#### [Requirement]
Wherever a line of the listing holds the string "word", copy that line.

== Segment start ==

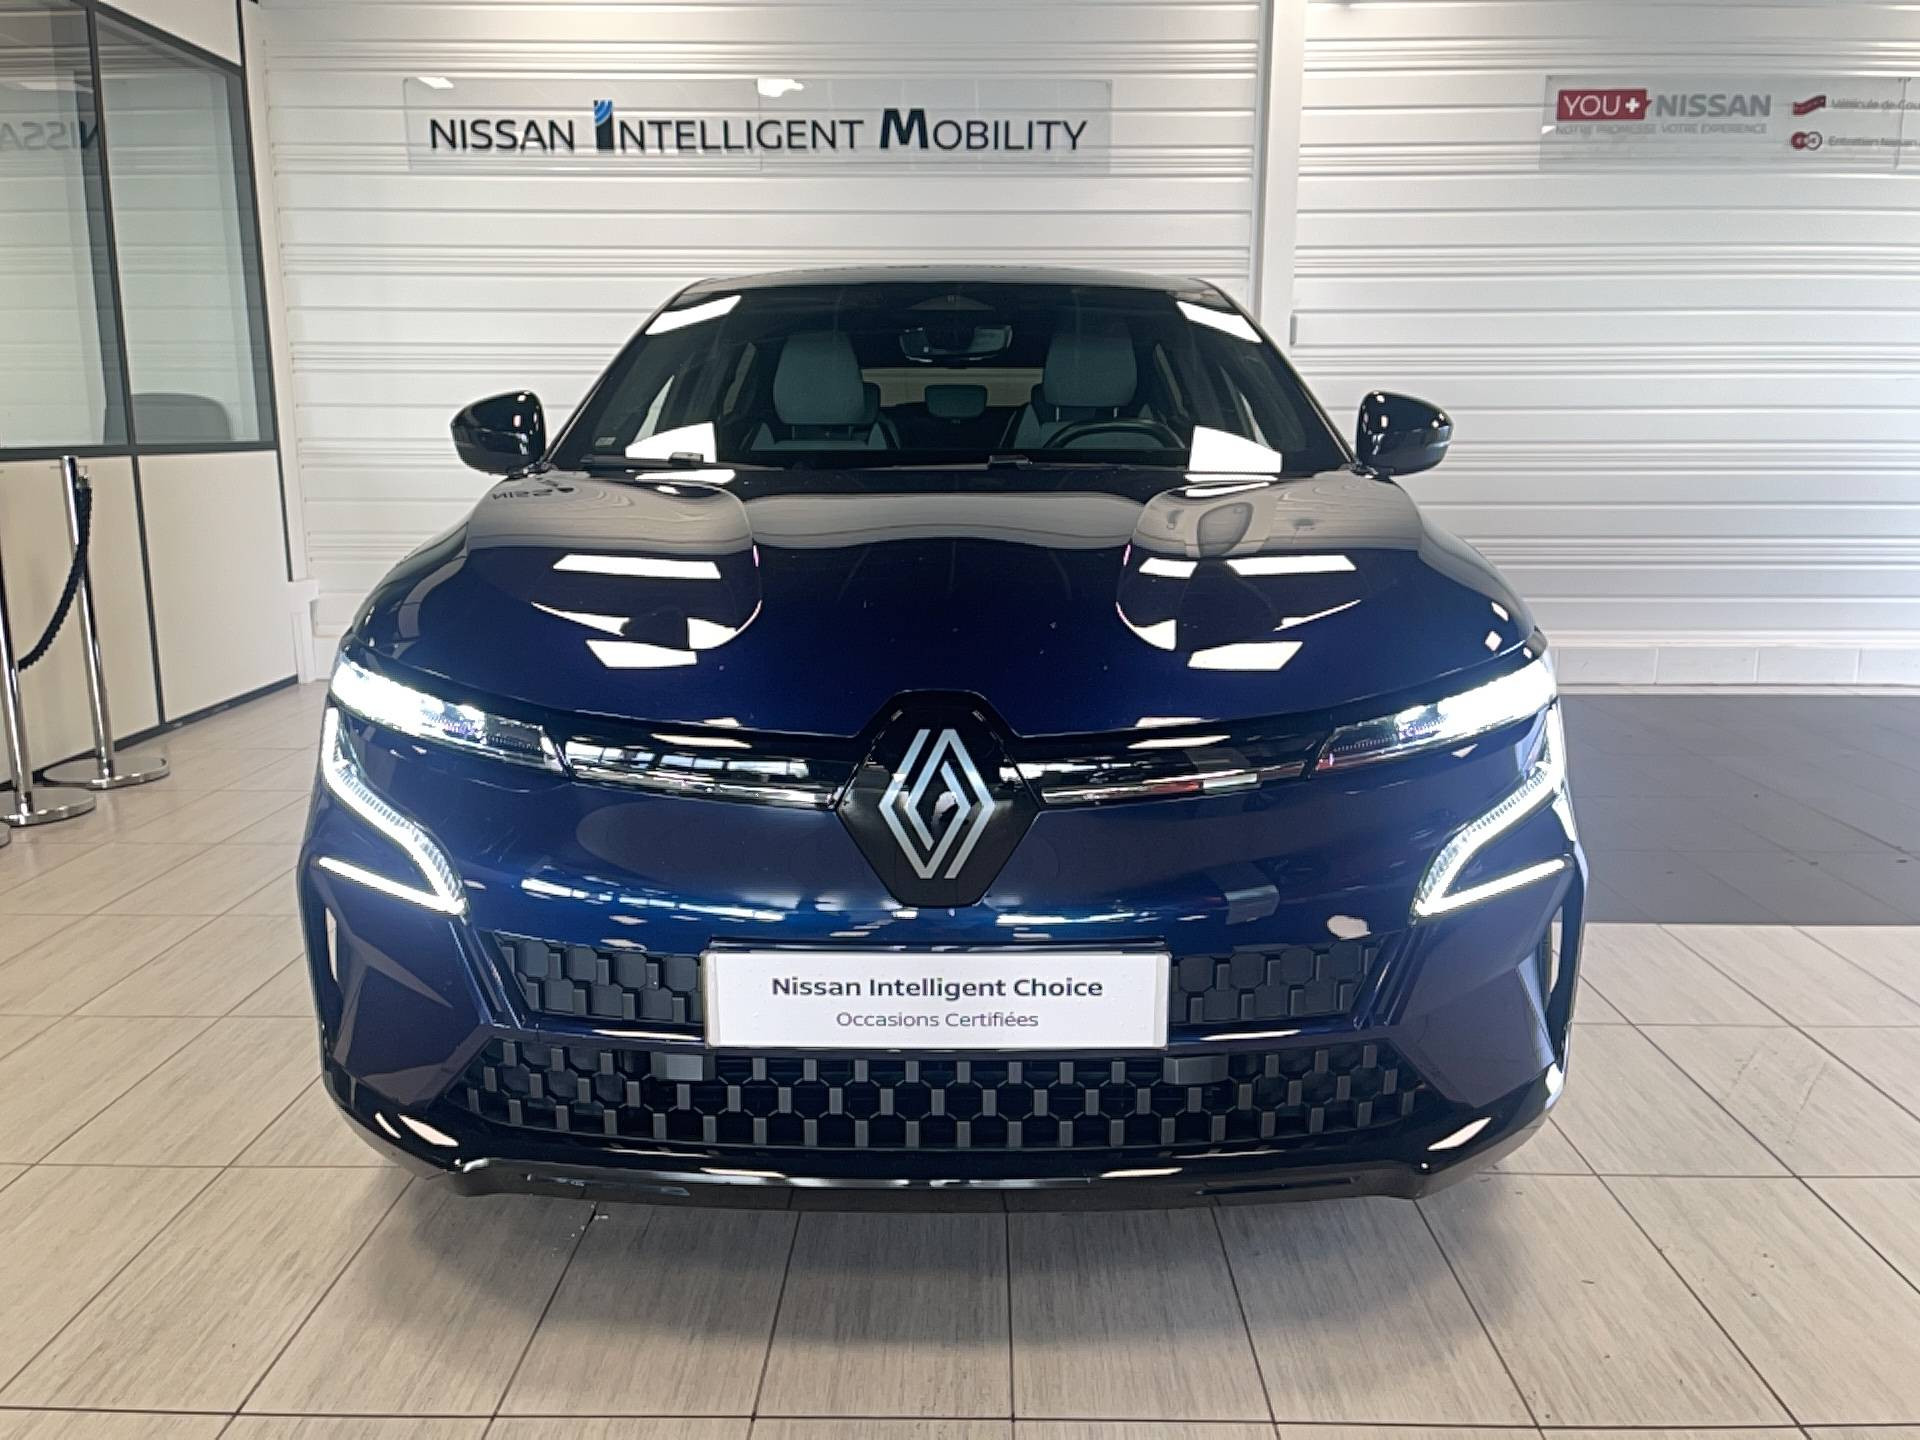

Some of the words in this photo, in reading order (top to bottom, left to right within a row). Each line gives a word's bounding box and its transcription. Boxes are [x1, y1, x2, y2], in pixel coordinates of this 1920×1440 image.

[1655, 94, 1772, 117] NISSAN
[430, 119, 576, 150] NISSAN
[593, 100, 865, 150] INTELLIGENT
[879, 108, 1088, 150] MOBILITY
[772, 977, 861, 996] Nissan
[869, 977, 1007, 1001] Intelligent
[1014, 977, 1104, 996] Choice
[836, 1012, 939, 1027] Occasions
[945, 1011, 1039, 1027] Certifiées
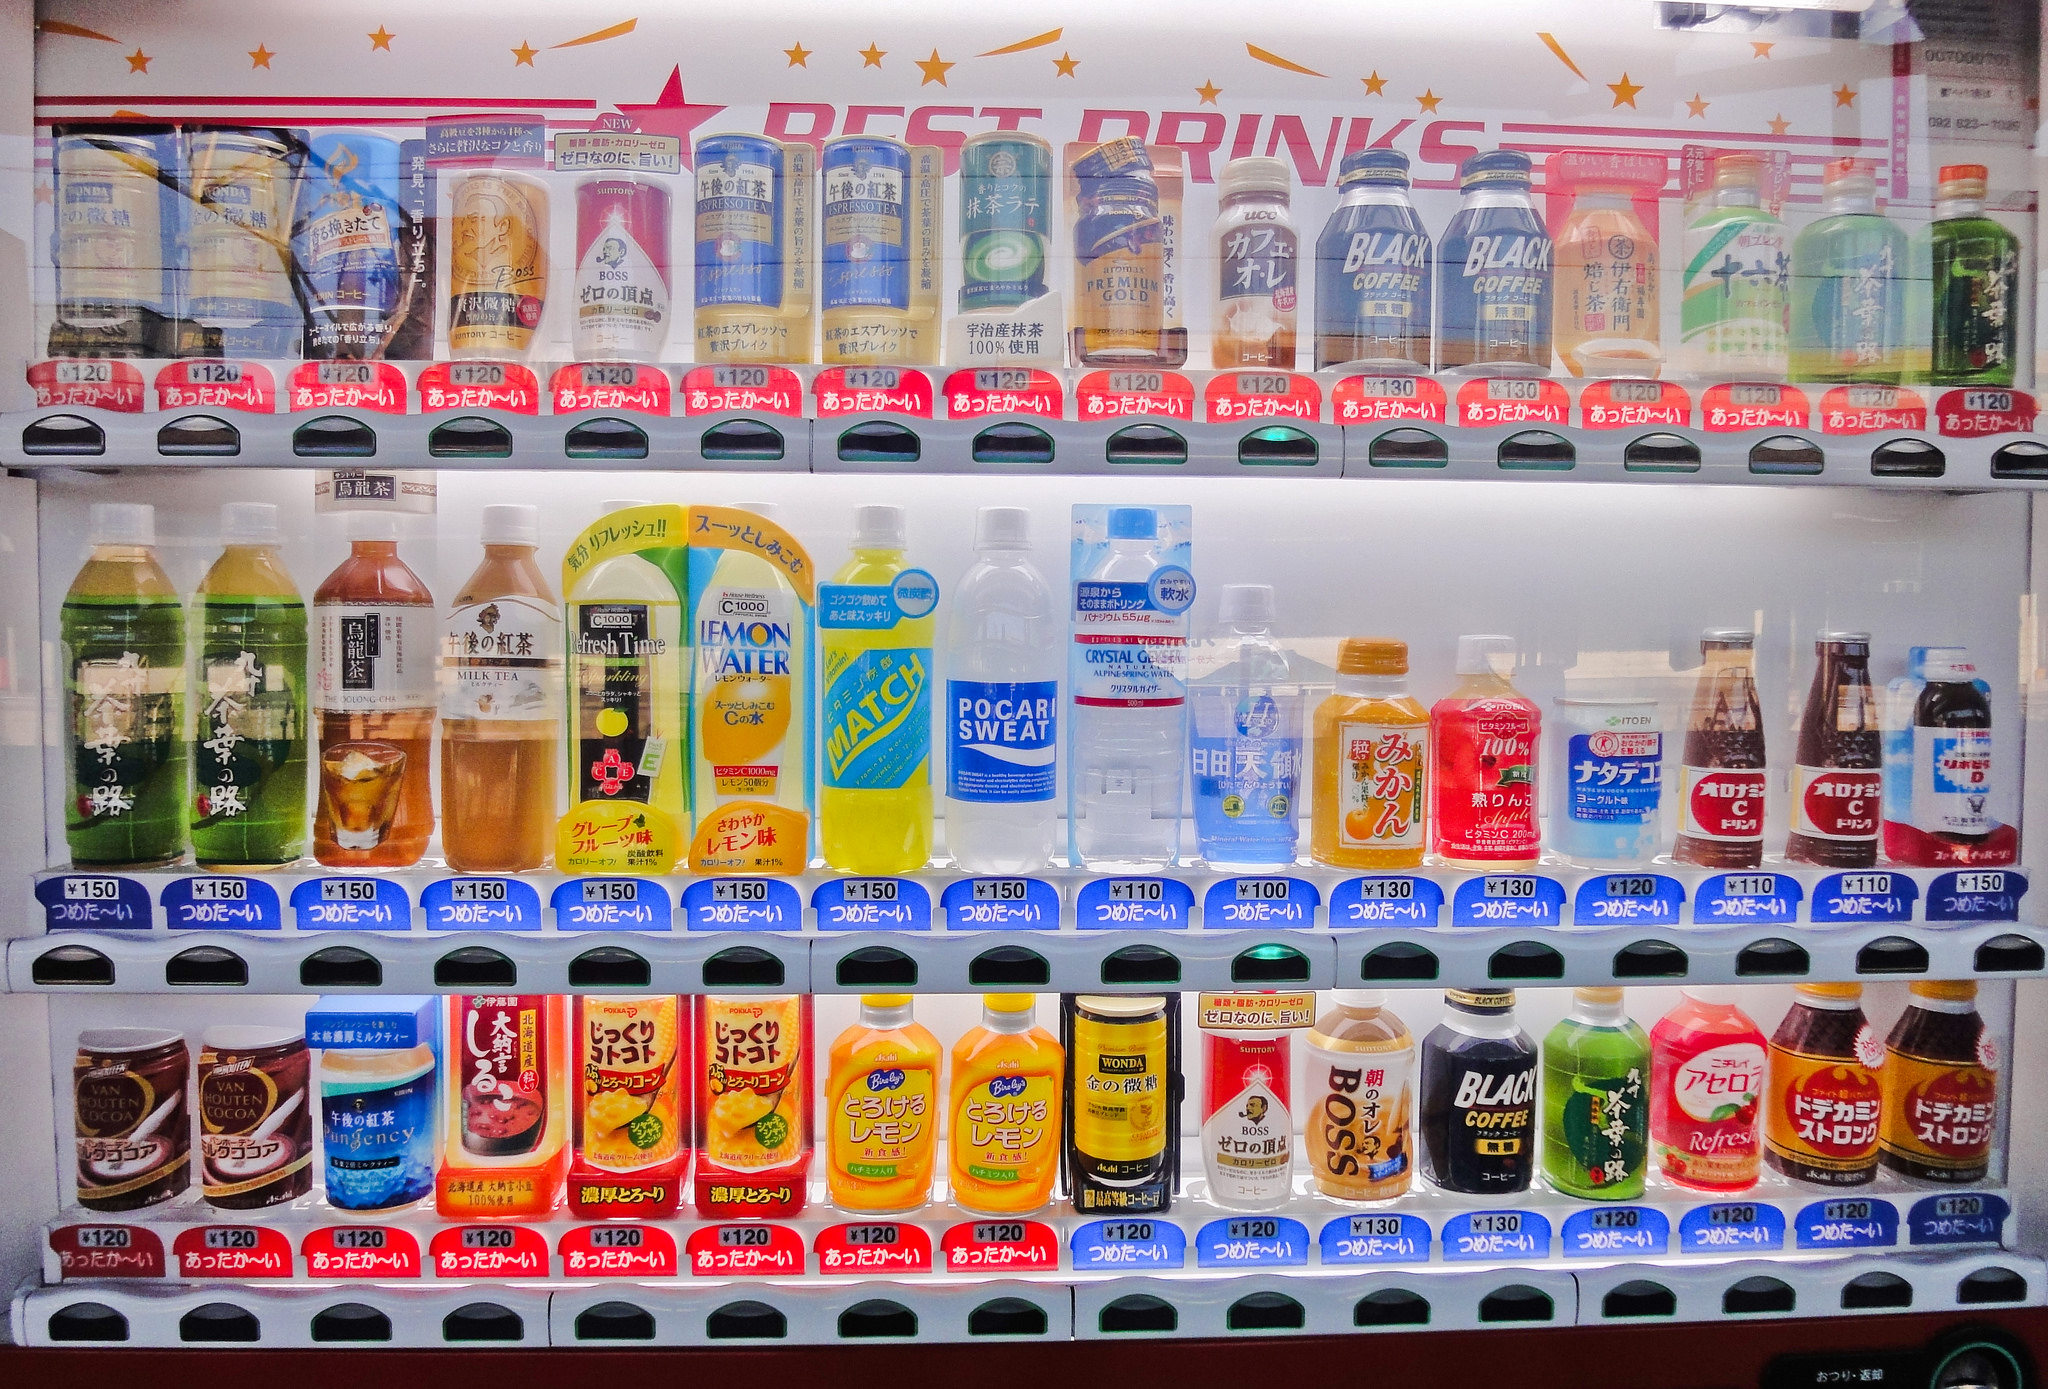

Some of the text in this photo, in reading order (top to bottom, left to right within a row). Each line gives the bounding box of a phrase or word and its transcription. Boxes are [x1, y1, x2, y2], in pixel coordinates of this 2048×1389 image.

[602, 119, 632, 129] NEW
[830, 181, 896, 202] 午後の紅茶
[966, 196, 1040, 219] 抹茶ラテ
[1343, 233, 1426, 273] BLACK
[1462, 236, 1551, 277] BLACK
[599, 271, 628, 281] BOSS
[1087, 275, 1159, 293] PREMIUM
[1353, 273, 1419, 291] COFFEE
[1474, 276, 1542, 294] COFFEE
[1584, 263, 1605, 312] 焙じ茶
[580, 286, 654, 306] ゼロの頂点
[1103, 288, 1149, 301] GOLD
[1612, 263, 1631, 331] 伊右衛門
[698, 324, 787, 339] 紅茶のエスプレッソで
[826, 324, 918, 340] 紅茶のエスプレッソで
[966, 323, 1044, 338] 宇治産抹茶
[839, 341, 897, 354] 贅沢ブレイク
[969, 340, 1040, 355] 100% 使用
[1243, 353, 1273, 362] コーヒー
[62, 365, 108, 381] ¥120
[194, 365, 239, 382] ¥120
[323, 365, 370, 382] ¥120
[455, 367, 501, 383] ¥120
[587, 368, 633, 384] ¥120
[719, 369, 765, 386] ¥120
[850, 371, 896, 388] ¥120
[980, 371, 1026, 388] ¥120
[1115, 375, 1159, 391] ¥120
[1242, 377, 1286, 392] ¥120
[1367, 379, 1414, 396] ¥130
[1490, 381, 1537, 398] ¥130
[1970, 394, 2009, 410] ¥120
[338, 481, 391, 497] 烏龍茶
[696, 515, 803, 574] スーッとしみこむ
[830, 595, 887, 606] ゴクゴク飲めて
[1080, 587, 1122, 598] 源泉から
[1160, 587, 1189, 601] 軟水
[722, 601, 765, 613] C1000
[1080, 599, 1146, 610] そのままボトリング
[829, 610, 890, 622] あと味スッキリ
[1084, 613, 1120, 622] バナジウム
[701, 620, 791, 648] LEMON
[347, 622, 364, 678] 烏龍茶
[449, 631, 534, 655] 午後の紅茶
[619, 632, 665, 655] Time
[702, 649, 790, 674] WATER
[1086, 649, 1133, 663] CRYSTAL
[458, 672, 519, 681] MILK TEA
[1110, 685, 1162, 693] クリスタルガイザー
[826, 653, 925, 760] MATCH
[959, 698, 1055, 720] POCARI
[724, 711, 764, 725] Cの水
[959, 720, 1049, 741] SWEAT
[1481, 738, 1529, 756] 100%
[722, 778, 768, 787] レモン50個分
[1373, 732, 1412, 838] みかん
[1577, 794, 1628, 805] ヨーグルト味
[1732, 801, 1747, 815] C
[1848, 801, 1863, 815] C
[572, 815, 634, 839] グレープ
[717, 813, 765, 833] さわやか
[1721, 819, 1756, 830] ドリンク
[1837, 819, 1871, 830] ドリンク
[572, 829, 653, 855] フルーツ味
[707, 827, 777, 855] レモン味
[1465, 830, 1509, 839] ビタミンC
[627, 858, 657, 866] 果汁1%
[755, 859, 783, 867] 果汁1%
[67, 882, 116, 898] ¥150
[195, 882, 243, 898] ¥150
[846, 882, 897, 899] ¥150
[976, 882, 1025, 899] ¥150
[1239, 882, 1287, 899] ¥100
[1364, 881, 1411, 898] ¥130
[1487, 880, 1533, 896] ¥130
[1610, 879, 1652, 895] ¥120
[1728, 878, 1771, 893] ¥110
[1845, 877, 1888, 892] ¥110
[1960, 875, 2001, 890] ¥150
[325, 883, 374, 899] ¥150
[455, 883, 504, 899] ¥150
[586, 884, 635, 900] ¥150
[716, 884, 765, 899] ¥150
[1112, 883, 1161, 900] ¥110
[311, 1031, 409, 1042] 本格濃厚ミルクティー
[522, 1014, 533, 1067] 北海道産
[590, 1021, 655, 1044] じっくり
[715, 1021, 780, 1044] じっくり
[492, 1011, 517, 1074] 大納言
[466, 1009, 513, 1111] しるこ
[591, 1045, 656, 1065] コトコト
[716, 1045, 781, 1065] コトコト
[1102, 1057, 1143, 1069] WONDA
[216, 1082, 245, 1092] VAN
[1086, 1075, 1158, 1094] 金の微糖
[1454, 1065, 1537, 1109] BLACK
[844, 1094, 926, 1117] とろける
[1362, 1069, 1384, 1135] 朝のオレ
[1795, 1095, 1880, 1123] ドデカミン
[207, 1107, 257, 1119] COCOA
[331, 1111, 395, 1127] 午後の紅茶
[966, 1099, 1047, 1125] とろける
[1465, 1110, 1529, 1128] COFFEE
[1325, 1065, 1362, 1177] BOSS
[849, 1122, 922, 1143] レモン
[971, 1127, 1043, 1149] レモン
[1242, 1126, 1269, 1135] BOSS
[1798, 1119, 1878, 1145] ストロング
[1218, 1136, 1286, 1155] ゼロの頂点
[1097, 1164, 1149, 1173] Asahi コーヒー
[1233, 1158, 1277, 1166] カロリーゼロ
[1595, 1211, 1637, 1226] ¥120
[1712, 1206, 1754, 1223] ¥120
[1828, 1203, 1868, 1219] ¥120
[1107, 1223, 1151, 1240] ¥120
[1231, 1221, 1276, 1237] ¥120
[1353, 1219, 1399, 1235] ¥130
[1473, 1216, 1519, 1232] ¥130
[83, 1230, 128, 1246] ¥120
[209, 1231, 255, 1246] ¥120
[338, 1231, 383, 1246] ¥120
[466, 1231, 512, 1246] ¥120
[595, 1229, 640, 1246] ¥120
[723, 1229, 768, 1245] ¥120
[850, 1227, 896, 1243] ¥120
[977, 1225, 1023, 1242] ¥120
[1816, 1369, 1883, 1383] おつり・返却
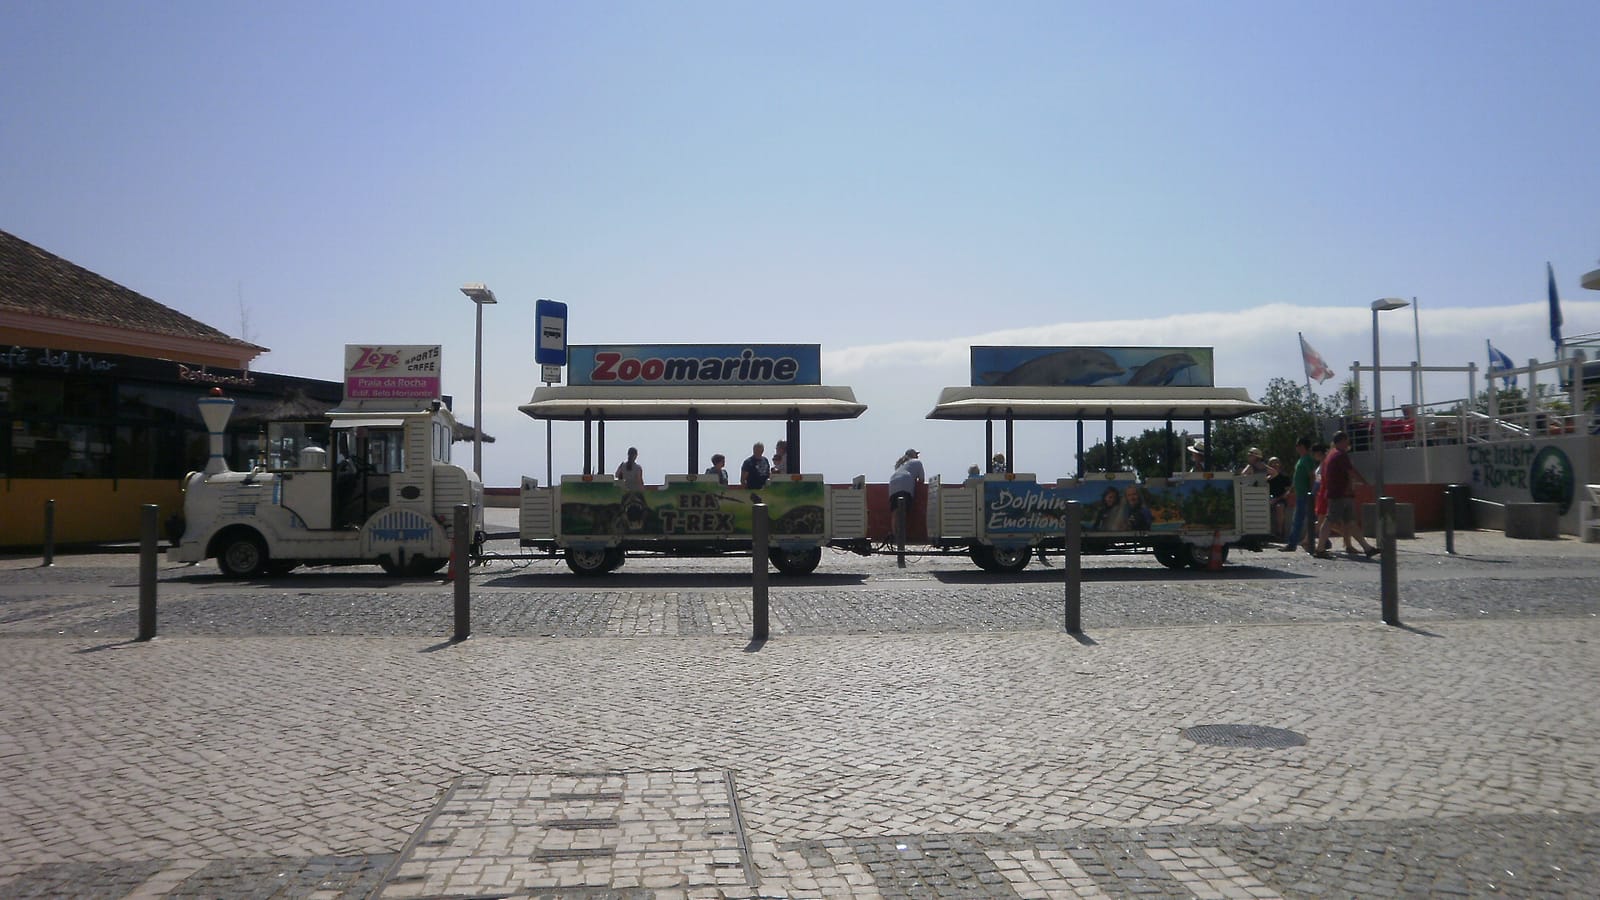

== Segment end ==

#### [Answer below]
Some of the words in this photo, in reading order (top to bottom, left to right within a row). Each line gives a word's bounding box and its transcription. Boxes are [x1, y1, x2, y2], in pixel coordinates of this 1920×1440 image.
Some of the text in this photo, in reading order (top to bottom, left to right within a row). Each line gives the bounding box of a phrase or word and its transcription. Boxes are [x1, y1, x2, y2], in pixel coordinates of this 2048×1389 image.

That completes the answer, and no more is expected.